Discuss the four parts of access control (authorization, identification, authentication, accountibality). include an explanation of the various authentication types (knowledge, ownership, characterstics) in your discussion.

Solution

Access control related to security. It is basically transfer of information between an user or system1 with the other systems and resources. Here the user like program request to access the data from a resource which contain the data like Database. There are four parts of access control which will be discussed one by one.

The first part is identification. Whenever information is required users have to perform this step first to retrive information from resources. It has three properties- Scope, locality and uniquness of IDs. In case of identification name spaces can be differ. It may be a local or global scope. We are all familiar with E-mail. Now among a group of friends the name of one person is Subham and subhamdatta@yahoo.com refers to a particular that person in that particular group as there exists only one person with this name in that group\'s locality. At the same time if there is no person on that group whose name is Subham then no one then can\'t refer subhamdatta@yahoo.com as one of there group member Subham as Subham is not globally decleared and refers to the other person with different locality.
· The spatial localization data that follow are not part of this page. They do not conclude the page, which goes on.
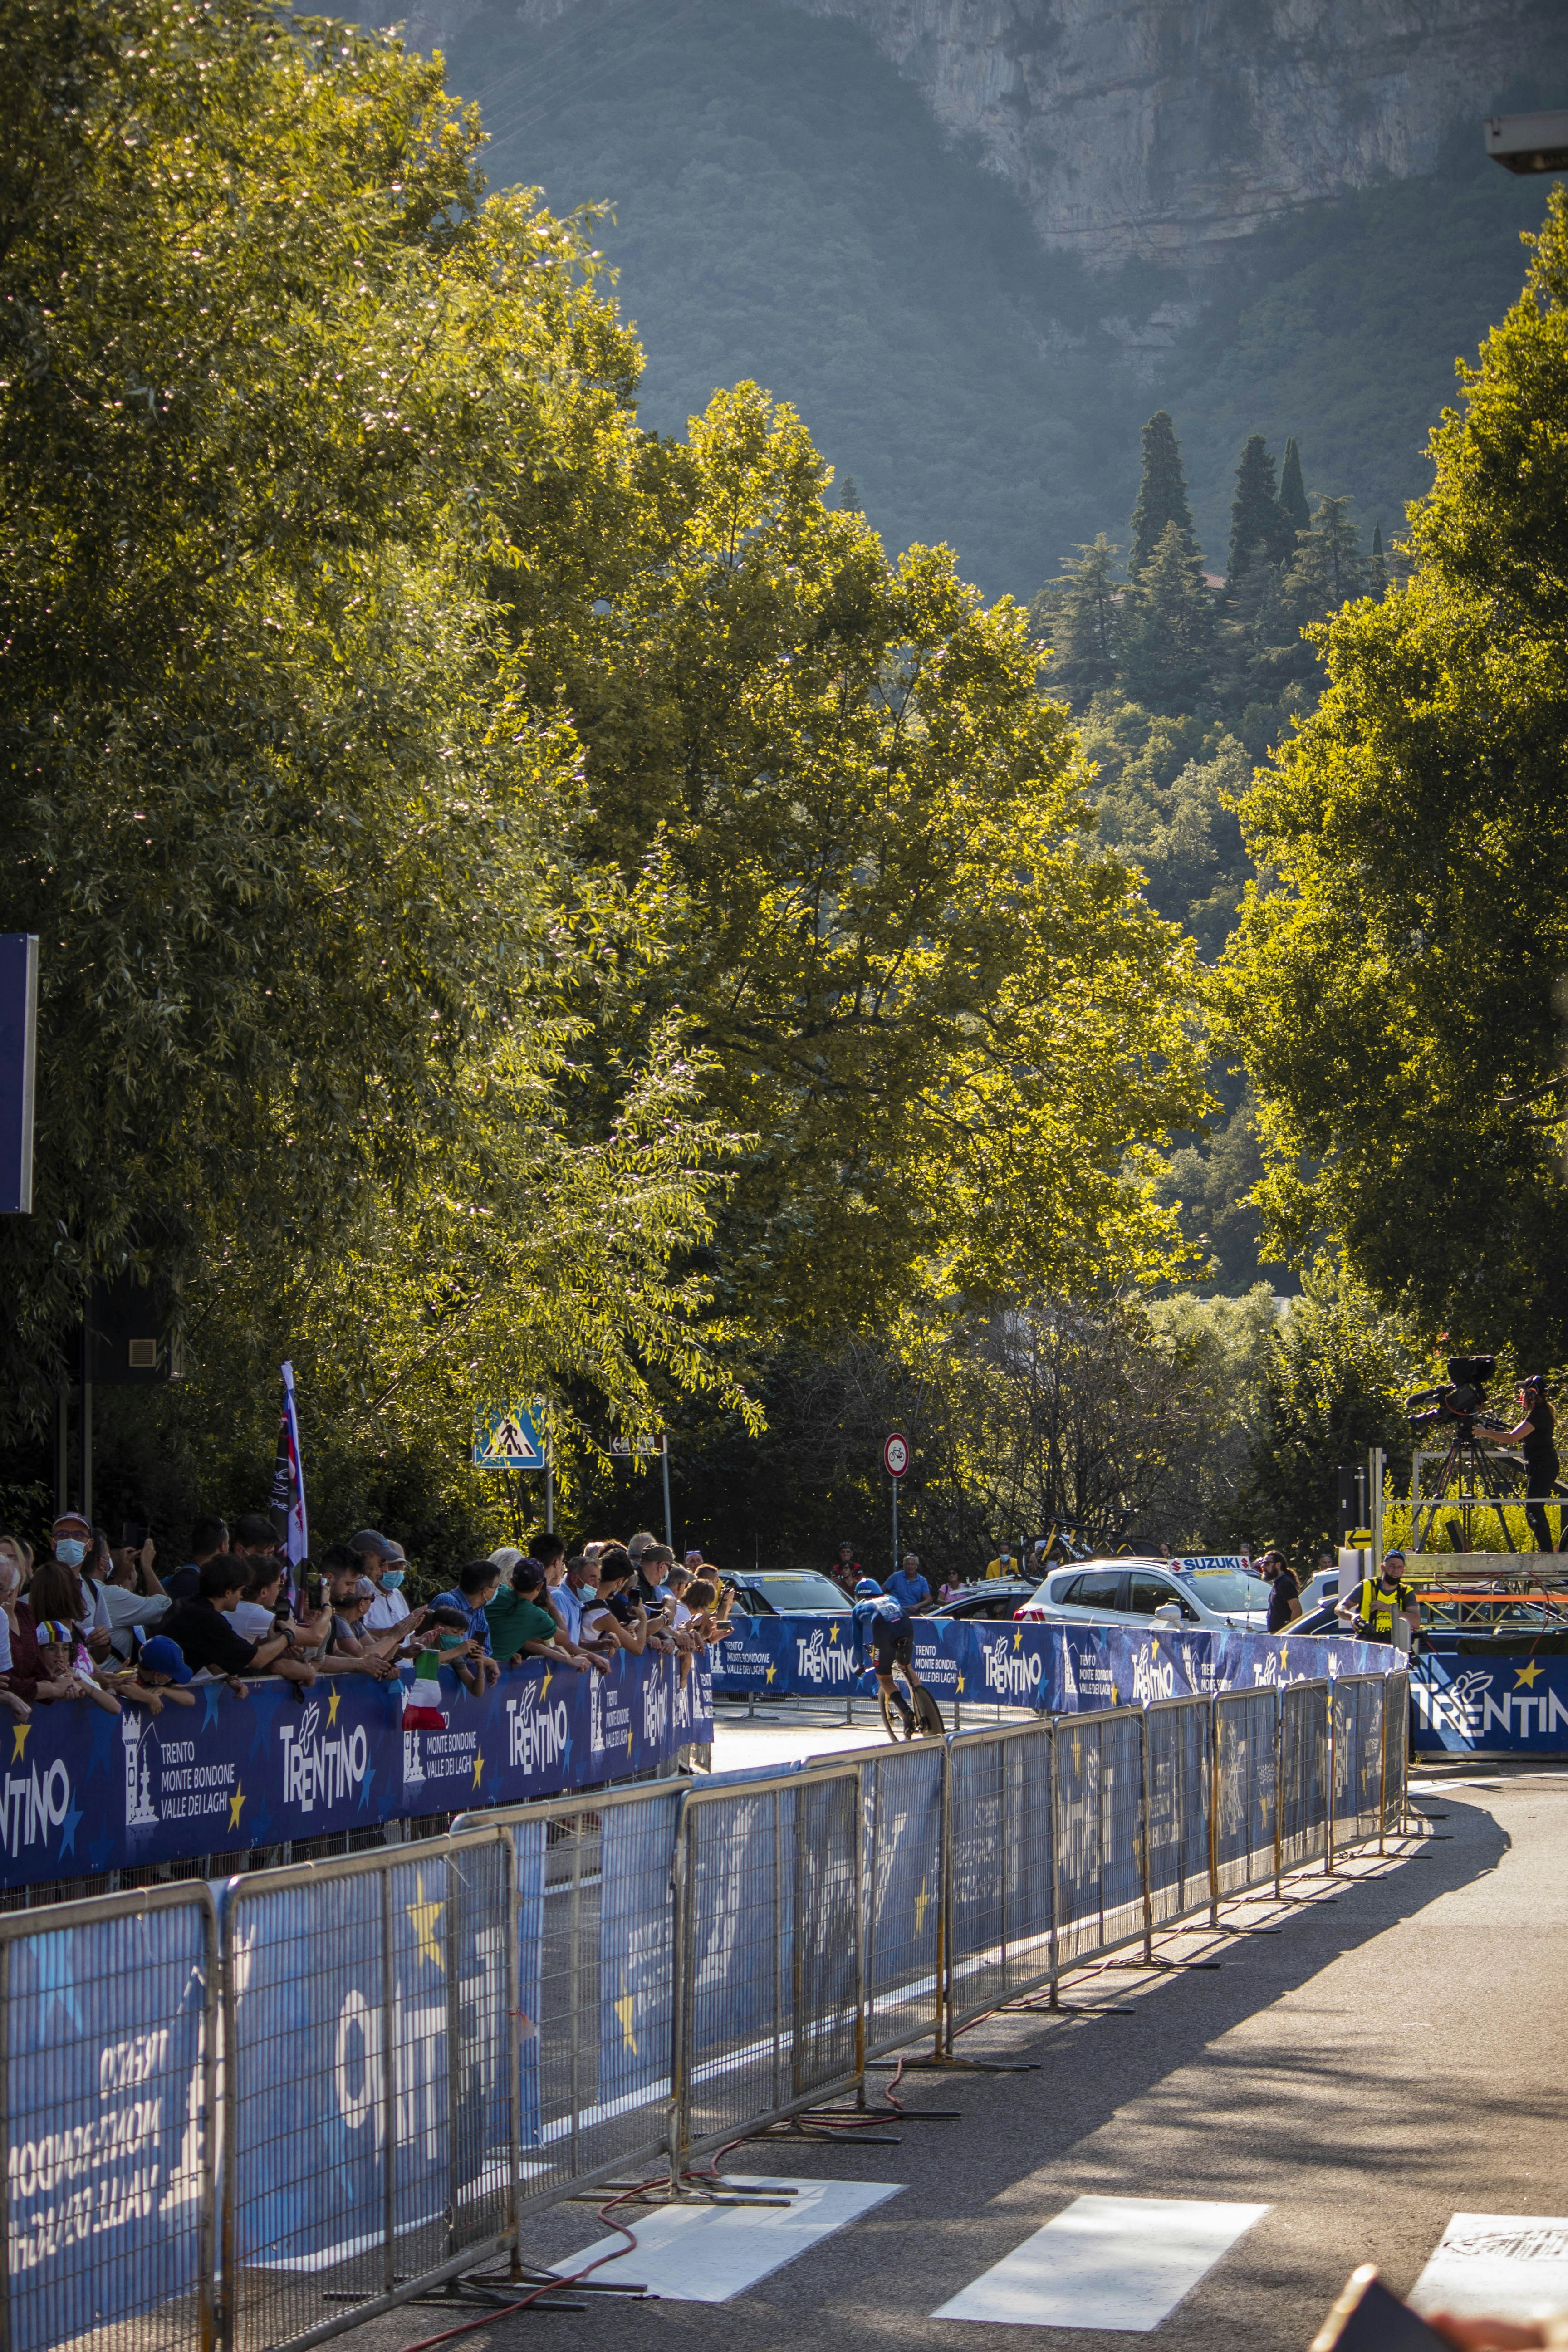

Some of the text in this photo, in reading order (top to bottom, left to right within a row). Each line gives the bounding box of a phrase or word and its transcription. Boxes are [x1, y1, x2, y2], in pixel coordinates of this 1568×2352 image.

[1183, 1557, 1240, 1571] SUZUKI
[724, 1641, 743, 1651] TRENTO
[915, 1645, 936, 1656] TRENTO
[727, 1652, 770, 1663] MONTE BONDONE
[915, 1658, 934, 1669] MONTE
[727, 1664, 742, 1674] VALLE
[751, 1666, 764, 1675] LAGHI
[983, 1646, 1042, 1695] TRENTINO
[1079, 1669, 1094, 1680] MONTE
[916, 1672, 956, 1683] VALLE DEI LAGHI
[1079, 1683, 1092, 1694] VALLE
[427, 1731, 476, 1755] MONTE BONDONE
[506, 1700, 567, 1775] TRENTINO
[161, 1741, 195, 1764] TRENTO
[279, 1724, 367, 1813] TRENTINO
[427, 1755, 472, 1779] VALLE DEI LAGHI
[161, 1763, 235, 1793] MONTE BONDONE
[161, 1791, 227, 1820] VALLE DEI LAGHI
Next is authentication. It checks the authenticity of the identity declared at the first satge that is identification stage. Authentication is a stage that proves the subjects identity. There are three ways of authentication these are knowledge that is what you know, ownership that is what you have, and characterstics that is what you are.

In the first phase that is knowledge phase it includes passwords, secret codes, PIN\'s etc. The main thing in this stage is if u already know something that your friend\'s name is Subham that that person\'s name must be Subham. The advantage of this stage is that it is very easy to implement and its implementation cost is also low. But it can\'t be considered as a strong authentication technique.
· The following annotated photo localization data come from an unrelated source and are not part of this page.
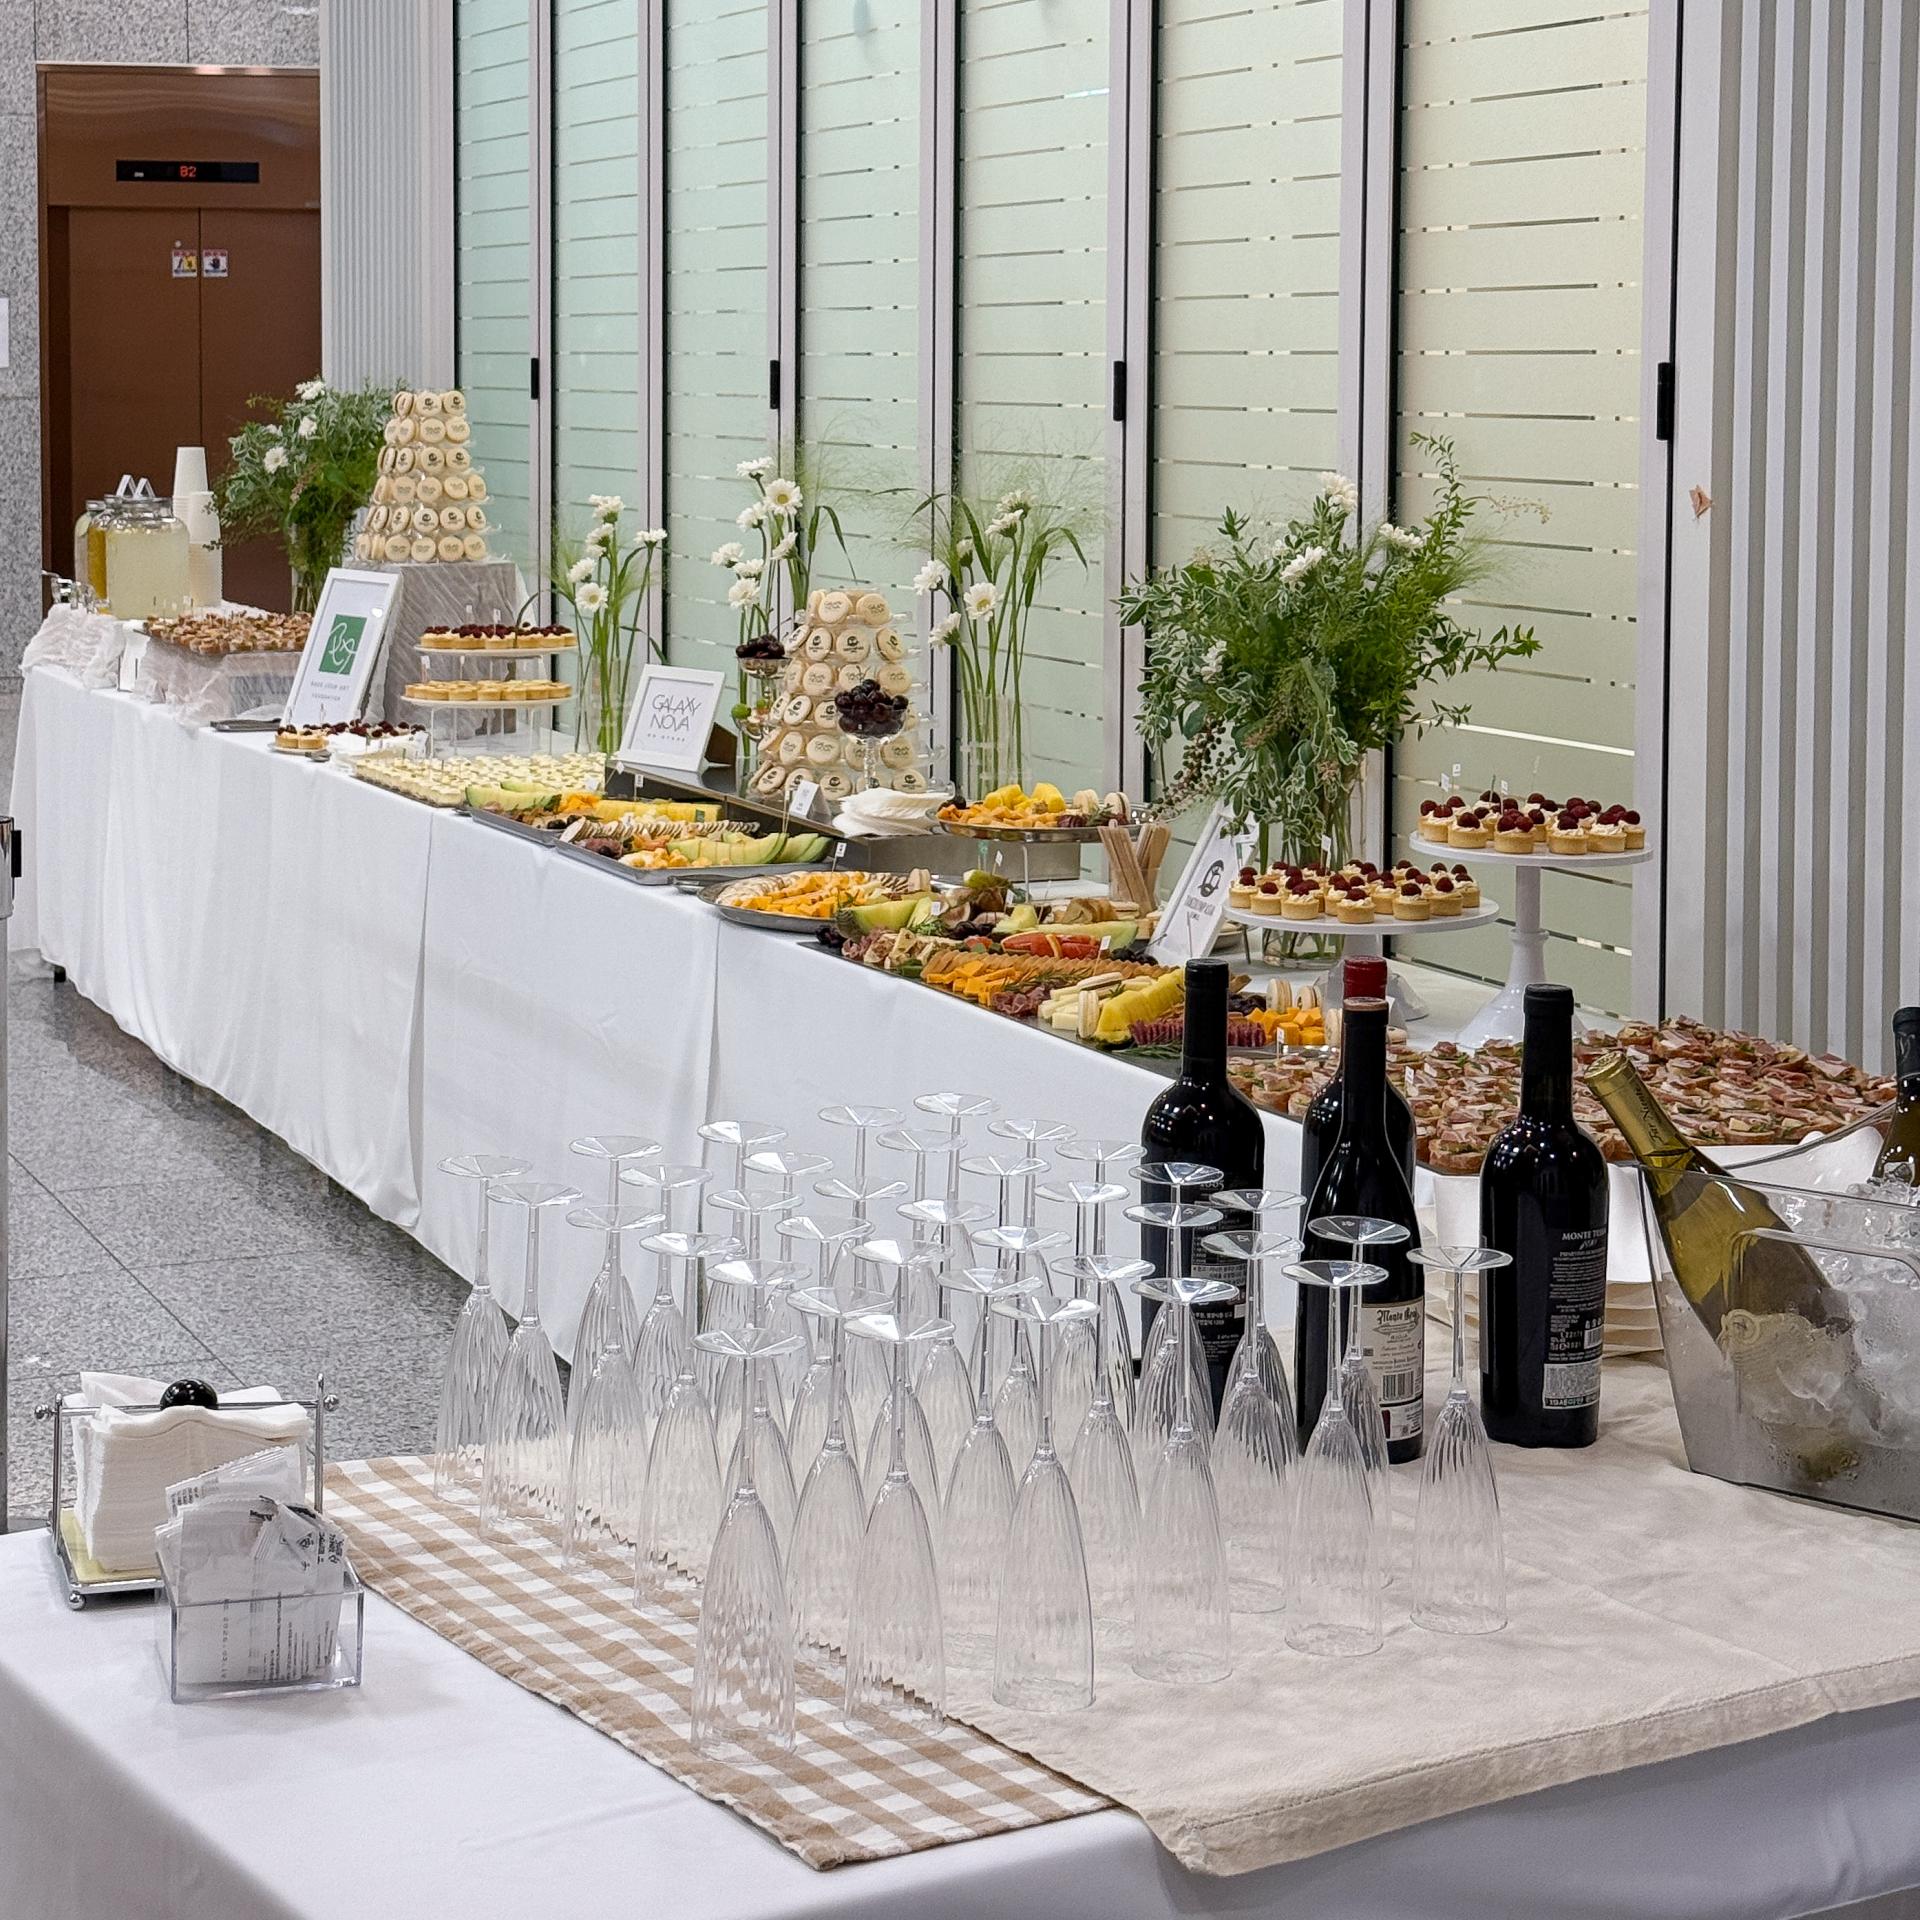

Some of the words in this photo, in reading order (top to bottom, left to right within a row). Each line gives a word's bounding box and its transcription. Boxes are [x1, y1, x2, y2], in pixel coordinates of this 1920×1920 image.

[180, 166, 197, 178] B2
[652, 694, 702, 717] GALAXY
[650, 713, 690, 732] NOVA
[1561, 1230, 1593, 1241] MONTE
[1376, 1310, 1403, 1325] Monte
In the second phase that is ownership phase. It is most widely used and it uses the method of keys. The main point in this phase is that if you possess some kind of token, you are the individual you are claiming to be. It is costly beacuase it contains an additional cost that is  inherent per-user cost. But it is better then the previous method.

Next phase is characteristics. It includes biometric methods. Biometric method involves the characteristics or behaviour of the human being which is used to identify and distinguish from one another. We can use various techniques under biometric method like voice recognizer, eye scan, finger print scan etc.

Next stage under access control is authorization which is a meyhod that controls the access of the information between users and resources. It can be alternatively said as rights or premissions to the users that dictates their limitation and what they can do on system. It includes various security policies. The main work of this stage is to allow the access of those users who has permission and prevent those users who has no sufficient rights to access the resources. Another improtant work is that it can give the permission to the user depending on the identity of the users.

Accountibality is another very improtant stage of access control. A system or resources that doesn\'t provide accountibality can\'t be think as secure. It is very improtant principle of information security. The main work is to establish responsibility for actions and the posibility of tracking actions etc. Logs and trails are mainly contain accountibality.